In contrast, your OT believes that children with SPD or other sensory issues need pushing from the outside in order to get past their anxiety and learn to eat. She uses various forms of pressure, such as enticement, distraction, approval, reward, and punishment. Children react to such pressure by resisting, rather than mastering eating. Little wonder that pressure-based clinicians assert that “a child with a feeding problem would starve to death rather than eat foods beyond their comfort level.” Sensory issues do not make children behave in such an abnormal fashion relative to eating; harsh feeding practices do.
Common sensory issues
Don’t let your hands be tied by an SPD diagnosis. Children with sensory issues are slow to learn, but they do learn. Keep in mind that everybody’s got something about themselves that they have to learn to manage. Many children have sensory issues – they are temperamentally negative, shy, or slow-to-warm up, are so sensitive to tastes, textures, and even smells that they gag or throw up, and are reluctant to touch certain textures or wear certain clothing. See FMF #20 But with plenty of time and no pressure, they manage their own anxiety and push themselves along to learn.
What to do
- Stop thinking of Carl as a special-needs child and think of him as a toddler.

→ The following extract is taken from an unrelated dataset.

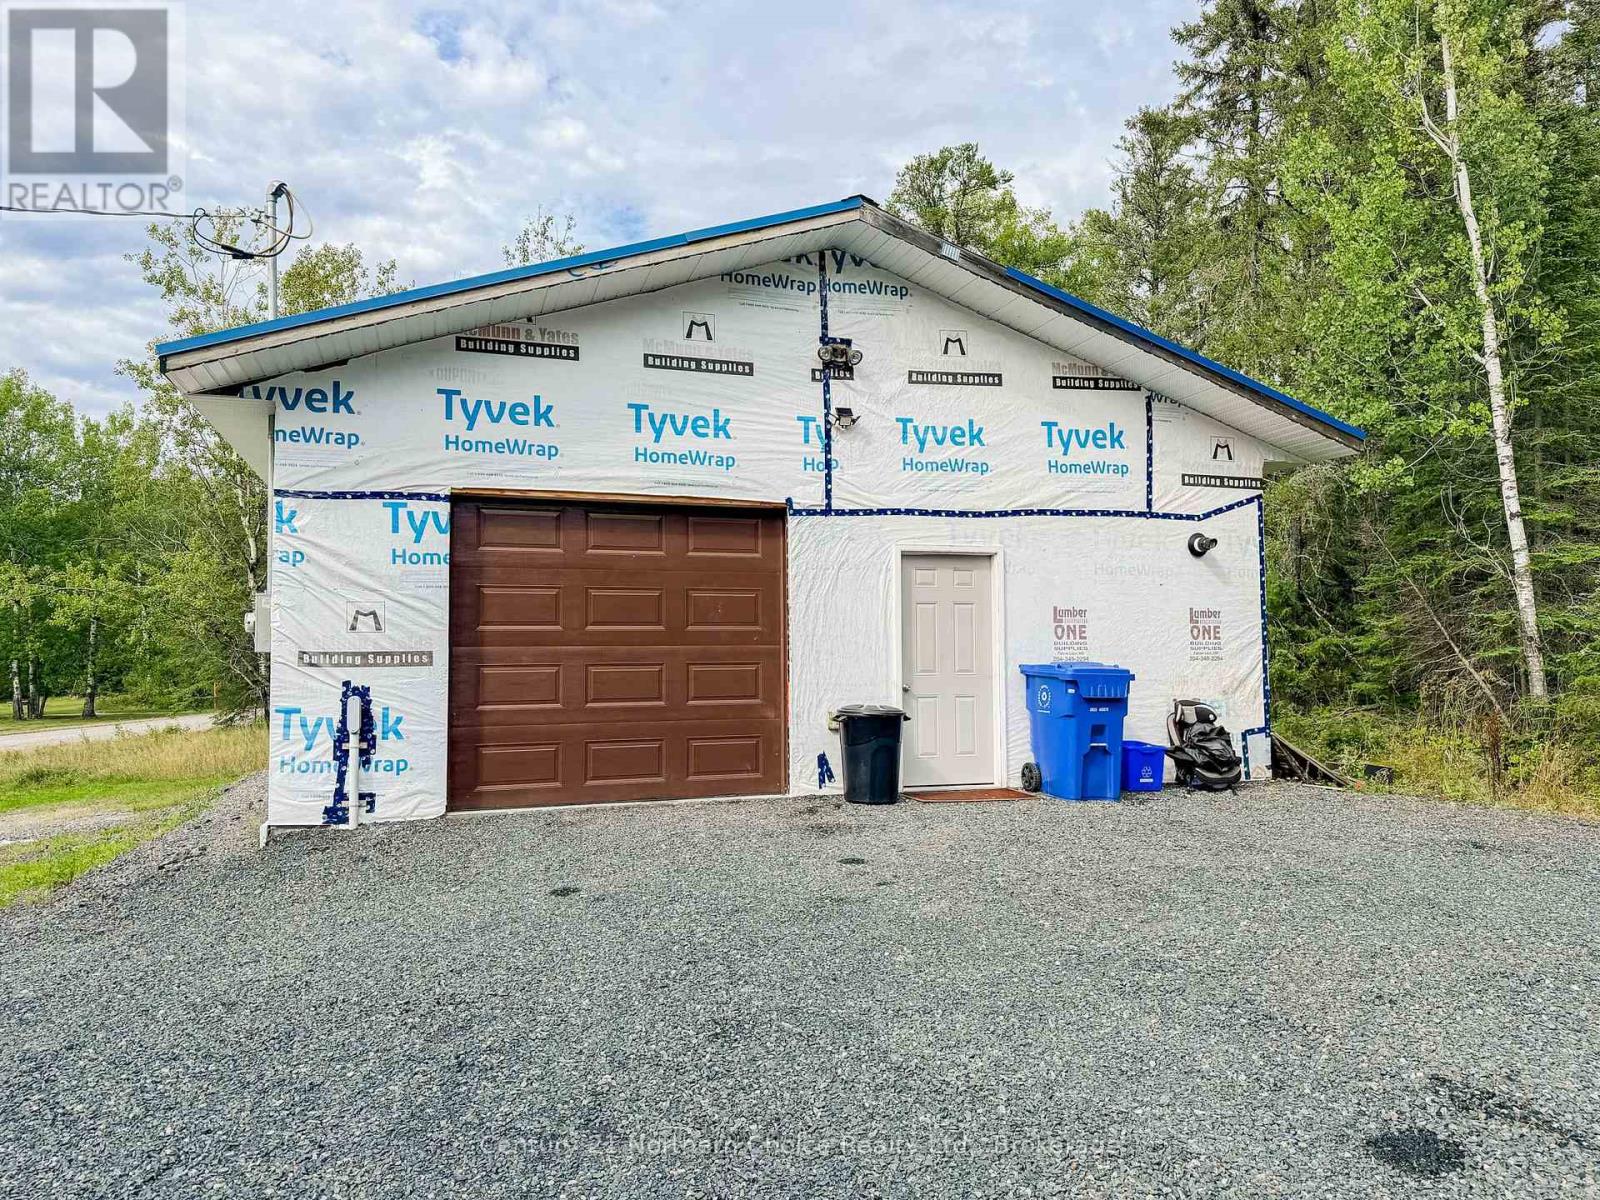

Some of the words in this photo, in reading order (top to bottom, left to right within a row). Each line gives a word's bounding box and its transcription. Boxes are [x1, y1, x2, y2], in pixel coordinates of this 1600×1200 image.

- Make the transition in your own thinking. In the past, others have treated Carl. Now you are helping him learn.
- Get help if you can find it, from someone who is well grounded in fdSatter. Making this transition requires a leap of faith and steady nerves.
- Tell your health care provider what you plan to do and ask some questions
- Does Carl chew and swallow normally?
- Does Carl have any neuromuscular, digestive, metabolic, or medical issue(s) that complicate or prevent his learning to eat?
- Is Carl in good enough nutritional shape to carry him through a time when he might eat less?
- Feed Carl like he is a normal, extremely pickychild – which he is. Give him many unpressured chances to learn to eat, be patient, and prepare to be surprised and impressed.
- Have a dietitian guide you in gradually cutting down on the amount and timing of Carl’s tube feeding so he can be hungry but not starving at meal- and snack-time.
- Establish a division of responsibility in feeding that is appropriate for the toddler.
- Include Carl in the family’s regular, family-friendly meals and snacks. Include foods that fit his ability to do it himself: to pick up, mouth, chew, and swallow.
- Trust Carl to cope with his sensory issues, including gradually developing positive attitudes about eating, getting over his fear of eating, and resolving his aversion to having anything in his mouth.
Be consistent in providing Carl with opportunities to learn and just as consistent about not pressuring him in any way to eat. Then observe the little ways he pushes himself along to gain eating competence. He will come willingly to the table, enjoy being there, and behave nicely. He will look at food and watch you eat it. He will want the serving bowl by his plate but not want the food on his plate. He will put food on his plate and might even touch it but not eat it. He will do his own oral desensitization by putting food in his mouth and taking it out again – probably many times. Eventually he will swallow the food.
Expect Carl’s progress to be uneven. As fdSatter feeding therapist Pam Estes observes, he is likely to not do, not do, not do, and then he will do!
Then go off by yourself, shed a tear or two, and celebrate. But don’t let Carl catch you at it. As far as he is concerned, his learning and growing is all in a day’s work.